Si preannuncia un anno scolastico caldo sul fronte della refezione scolastica per i ragazzi delle scuole materne ed elementari di Canicattì. Il servizio, infatti, negli istituti della città rischia di saltare o se sarà possibile salvarlo in extremis farlo partire non prima del prossimo mese di febbraio. Si tratterebbe di un problema che oltre a comportare disagi per le famiglie ed i bambini in più tenera età interessa anche gli addetti ai lavori.

Ci sarebbe la possibilità, infatti, di licenziare almeno una dozzina di operatori che nei vari plessi garantiscono l’assistenza agli alunni ed al personale docente. Se da un lato verrebbe meno un servizio agli alunni, dall’altro tanti lavoratori si ritroverebbero nuovamente senza occupazione. I problemi che rischiano di non far partire il servizio, sono legati alla drastica riduzione dei trasferimenti regionali. Inoltre, dipende anche dalle ristrettezze del bilancio comunale appena approvato che non ha margini di operatività e sempre meno risorse da giostrare.


La speranza resta quella che attraverso le pieghe dello strumento finanziario, le manovre di assestamento e soprattutto il conto consuntivo ed il nuovo bilancio di previsione 2013 si riescano ad individuare risorse da dirottare verso questo servizio. Su questo sta lavorando la giunta municipale che assicura di fare tutto il possibile per continuare il servizio a favore dei bambini. “La giunta Corbo farà di tutto per cercare di mantenere il servizio di mensa scolastica – ha spiegato l’assessore Giuseppe Ferrante Bannera – anche se le difficoltà sono notevoli. Saremo i primi a ridurci le indennità di carica ma so che anche i consiglieri sono pronti a dare il loro segnale e contributo. Non resteranno fuori da questa politica di riduzione della spesa i dirigenti comunali ma per loro – ha concluso l’amministratore -bisognerà aspettare il prossimo anno”.
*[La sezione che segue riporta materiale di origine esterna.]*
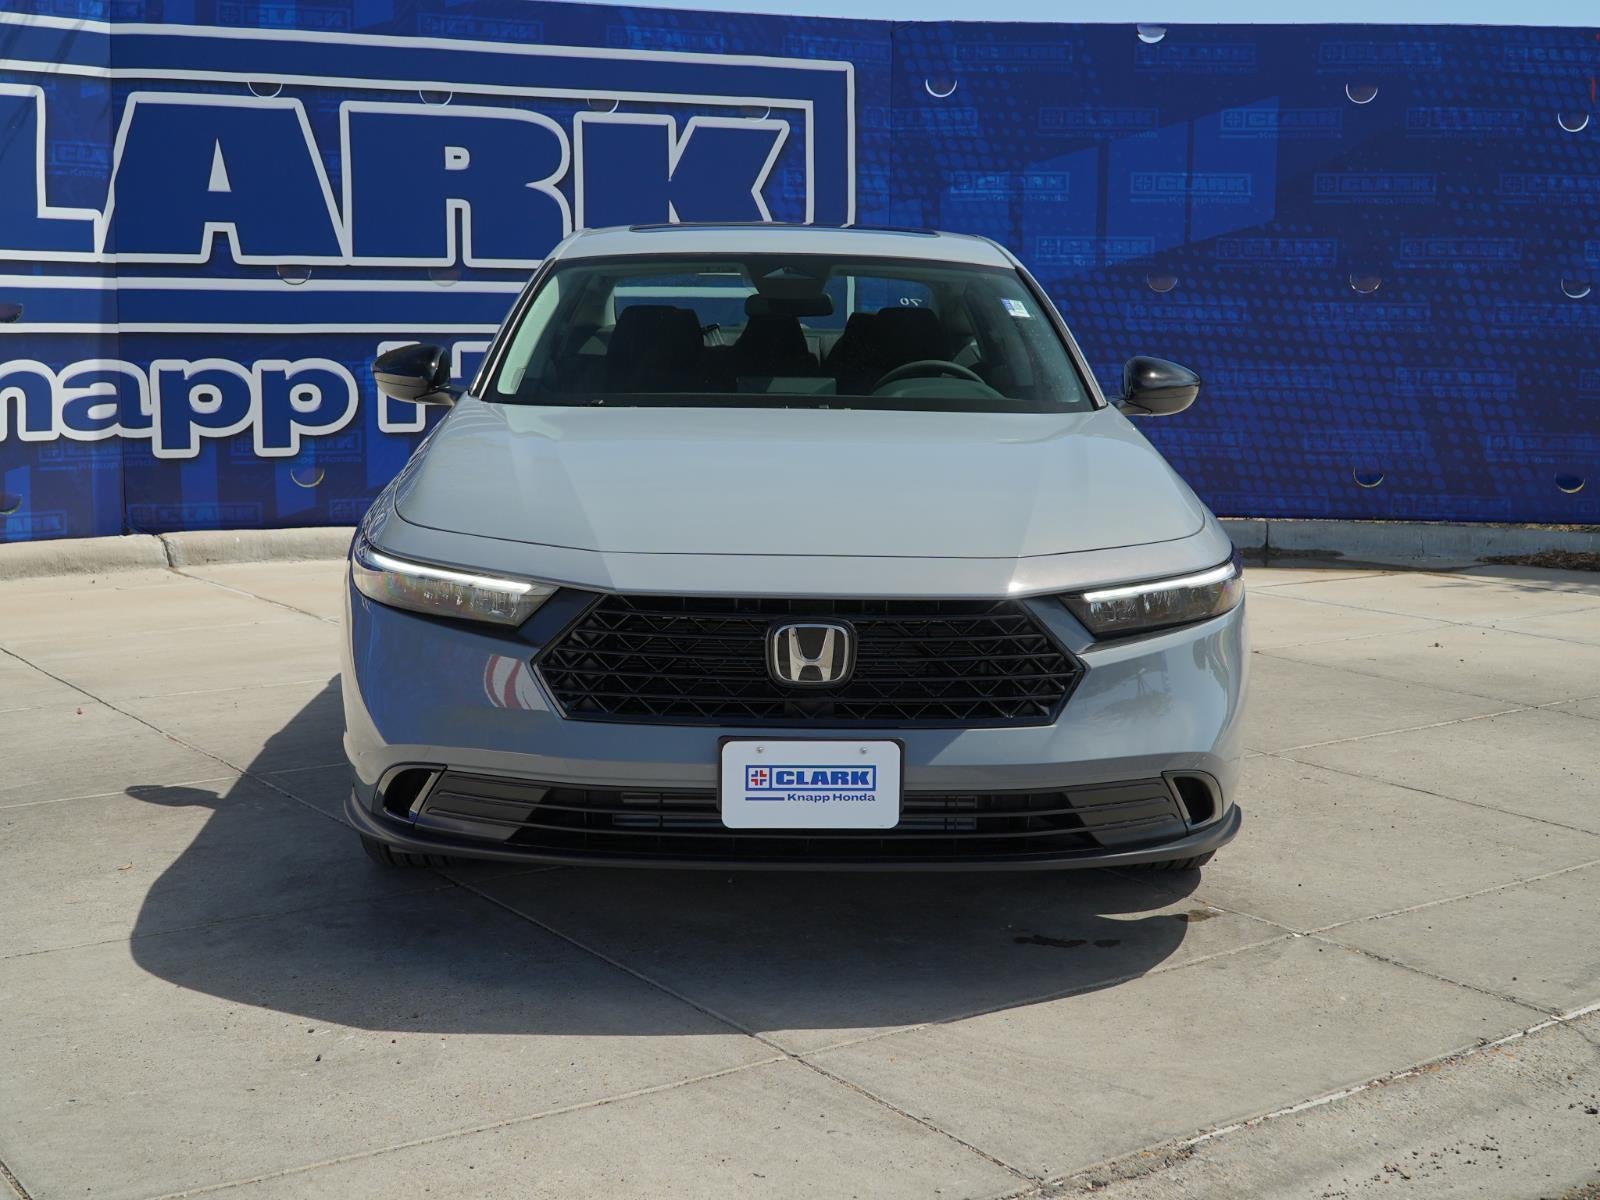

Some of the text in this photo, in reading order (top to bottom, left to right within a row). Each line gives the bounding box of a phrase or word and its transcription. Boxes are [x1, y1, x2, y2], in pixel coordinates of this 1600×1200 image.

[775, 770, 871, 786] CLARK
[787, 793, 876, 804] Knapp Honda
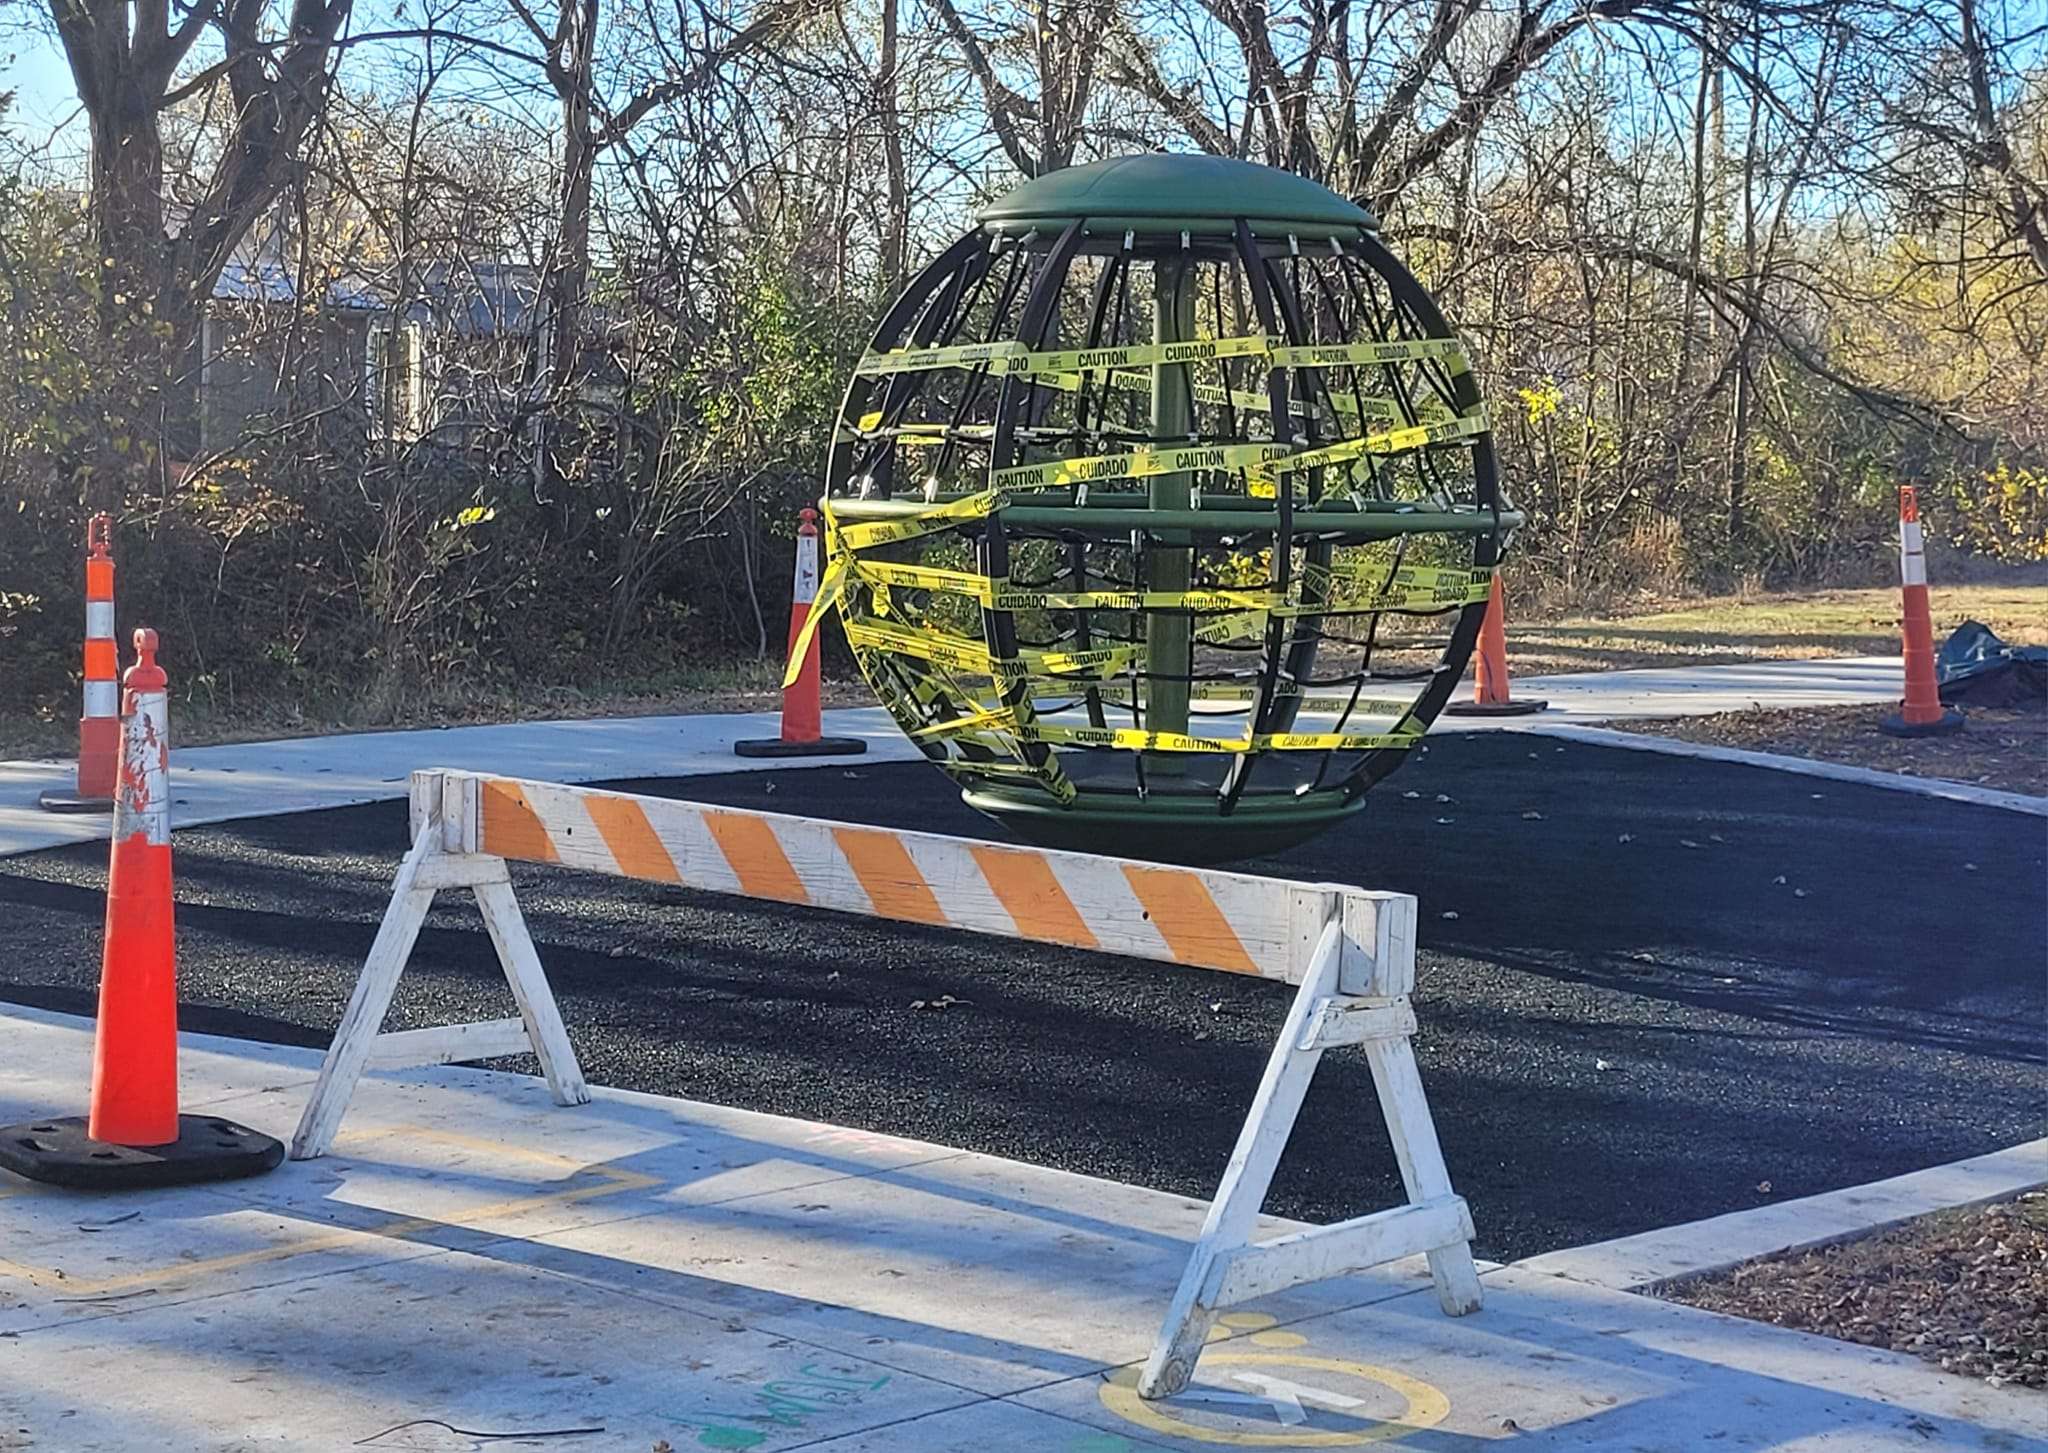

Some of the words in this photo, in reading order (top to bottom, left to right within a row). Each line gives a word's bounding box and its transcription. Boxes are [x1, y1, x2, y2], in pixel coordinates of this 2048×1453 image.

[1078, 350, 1128, 368] CAUTION
[1165, 343, 1217, 361] CUIDADO
[997, 468, 1043, 487] CAUTION
[1079, 458, 1129, 479] CUIDADO
[1176, 450, 1225, 467] CAUTION
[999, 595, 1048, 610] CUIDADO
[1095, 595, 1145, 609] CAUTION
[1181, 595, 1231, 609] CUIDADO
[1063, 650, 1113, 667] CUIDADO
[1075, 732, 1124, 744] CUIDADO
[1173, 737, 1222, 750] CAUTION
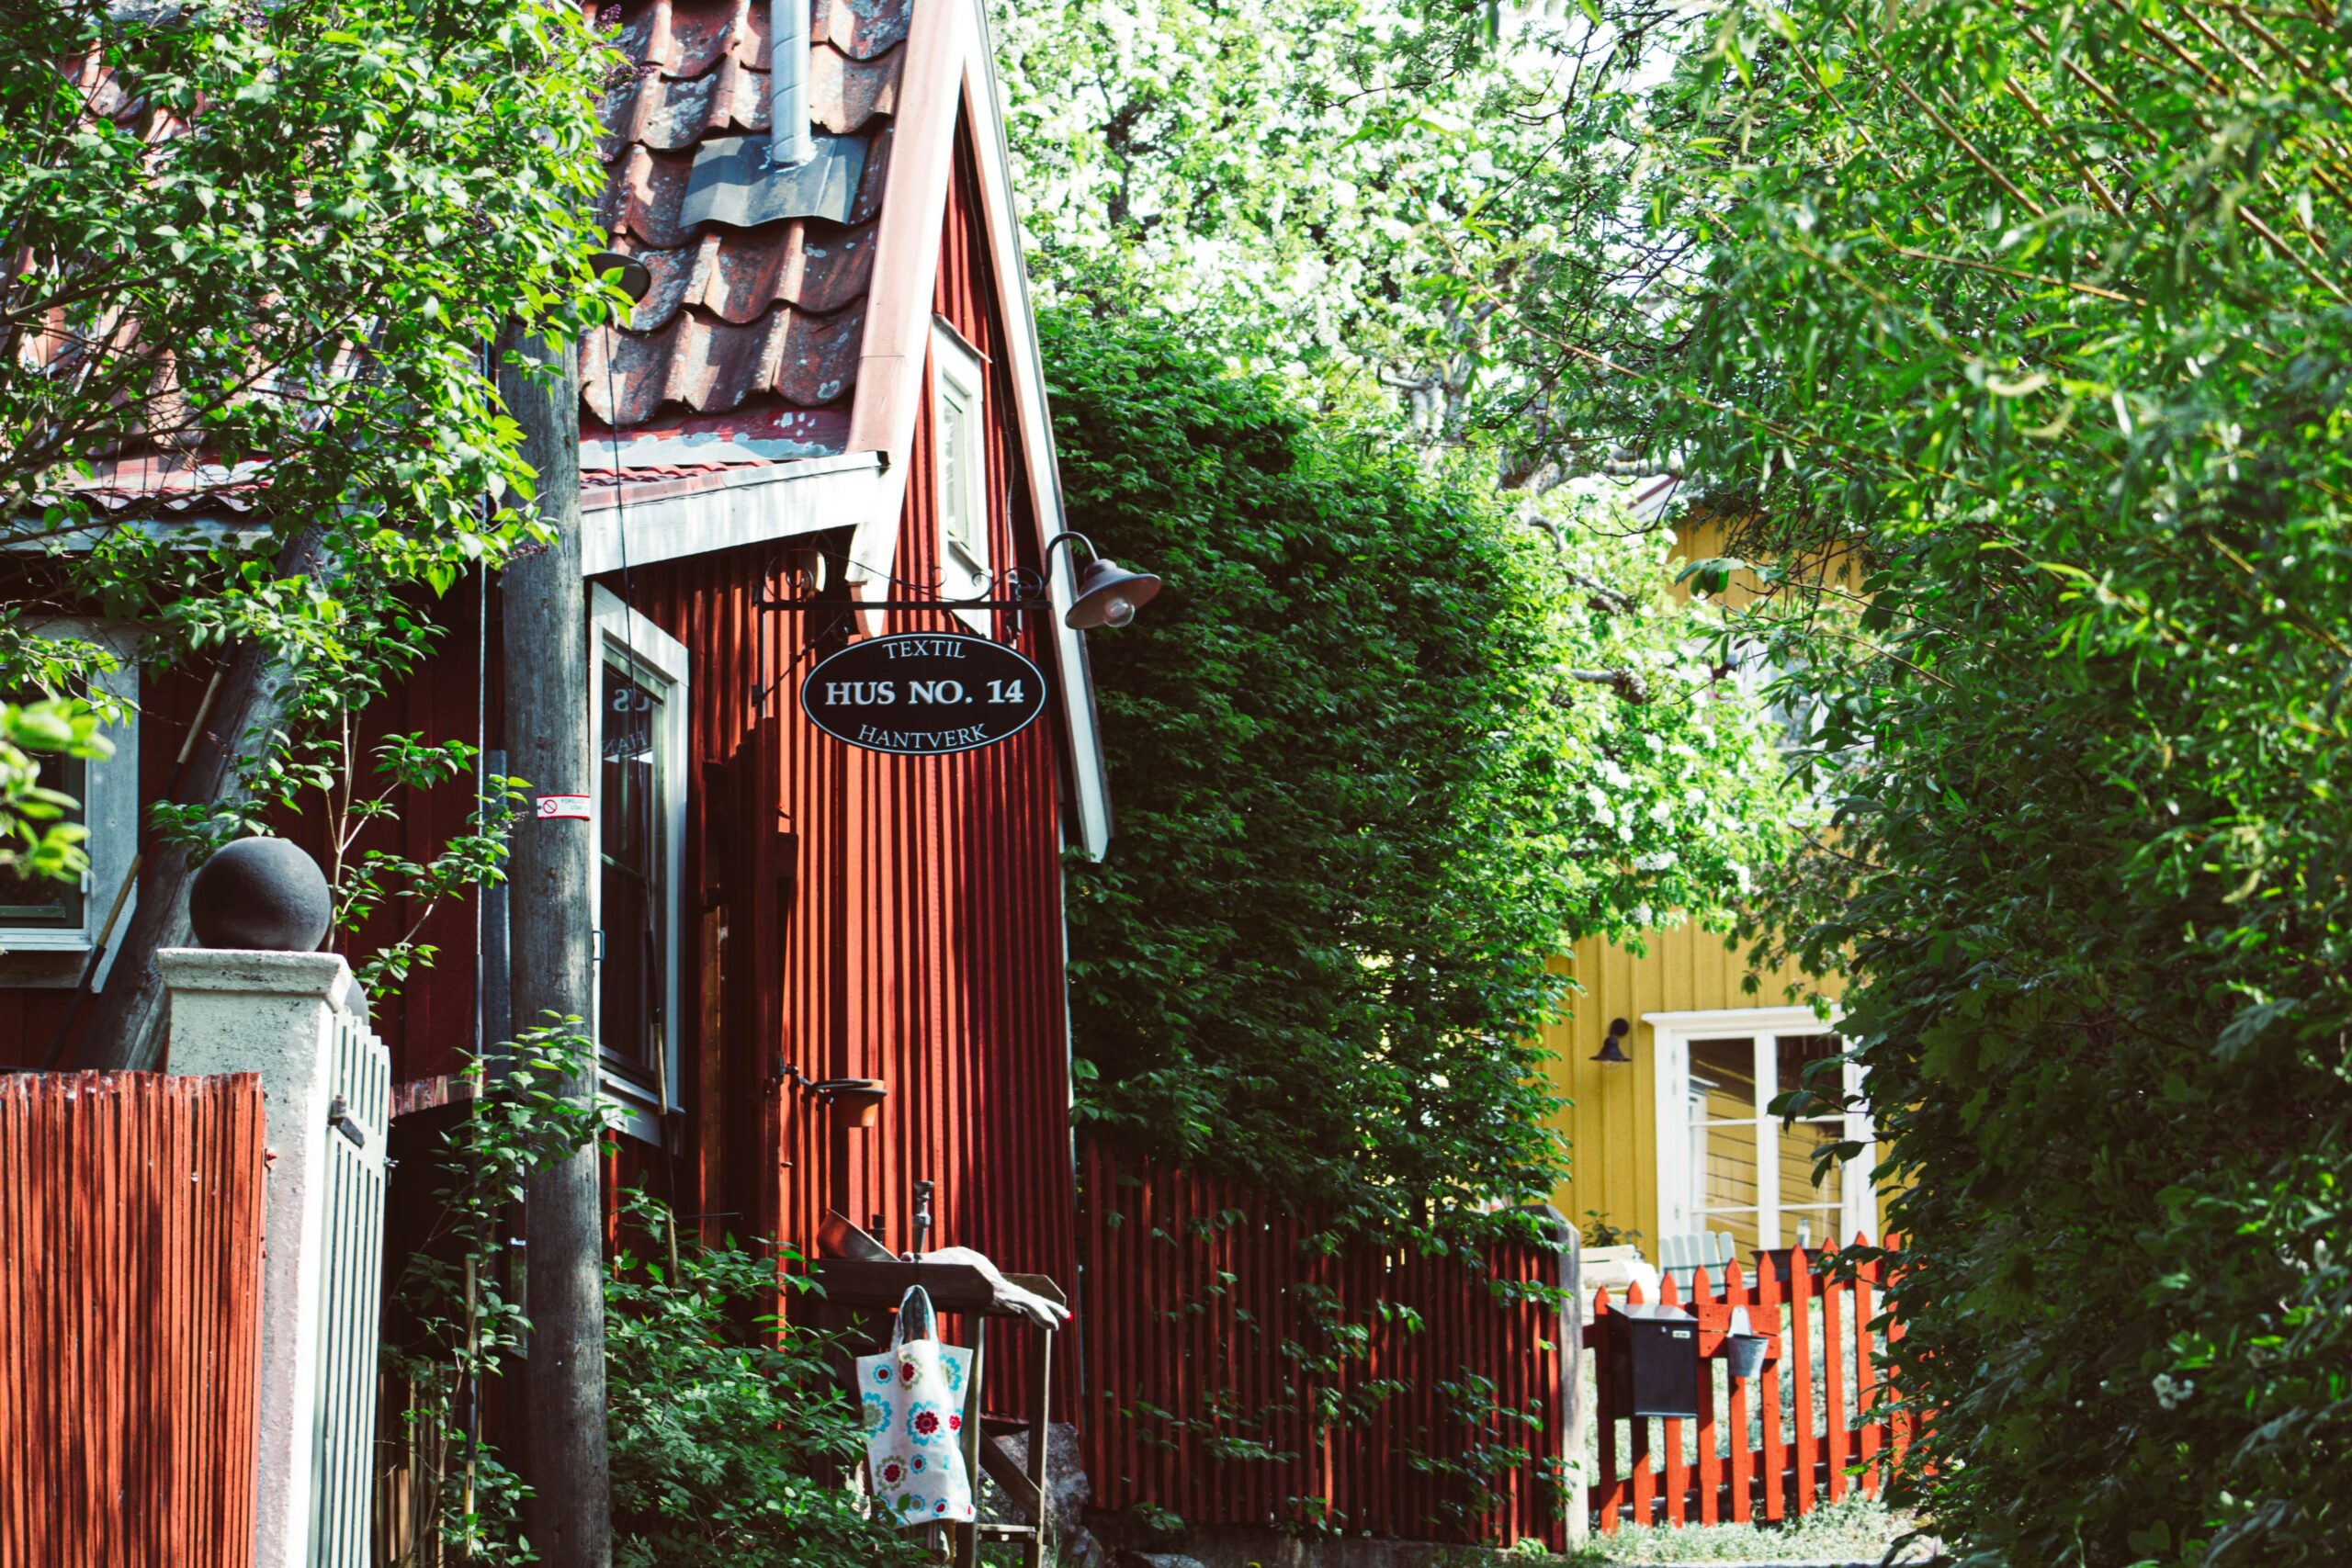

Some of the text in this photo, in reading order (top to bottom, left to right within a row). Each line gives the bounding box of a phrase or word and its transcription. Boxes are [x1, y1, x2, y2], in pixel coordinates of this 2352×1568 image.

Intanto ci si chiede se aumentando la quota di compartecipazione delle famiglie potrebbe servire a non fermare il servizio.. In particolare oggi, chi ha un reddito dimostrabile da zero a cinquemila euro pagherà soltanto 50 centesimi a pasto. Sale invece a un euro la quota da versare a pasto se si ha un reddito compreso da cinquemila a diecimila euro. Da diecimila a venticinquemila invece si dovrà pagare un euro e cinquanta centesimi. Infine oltre i venticinque mila euro la quota da versare sarà di un euro e ottanta centesimi. In sostanza l’amministrazione comunale garantisce per ogni singolo studente il 25% complessivo del costo del servizio. Ma i genitori non sono d’accordo.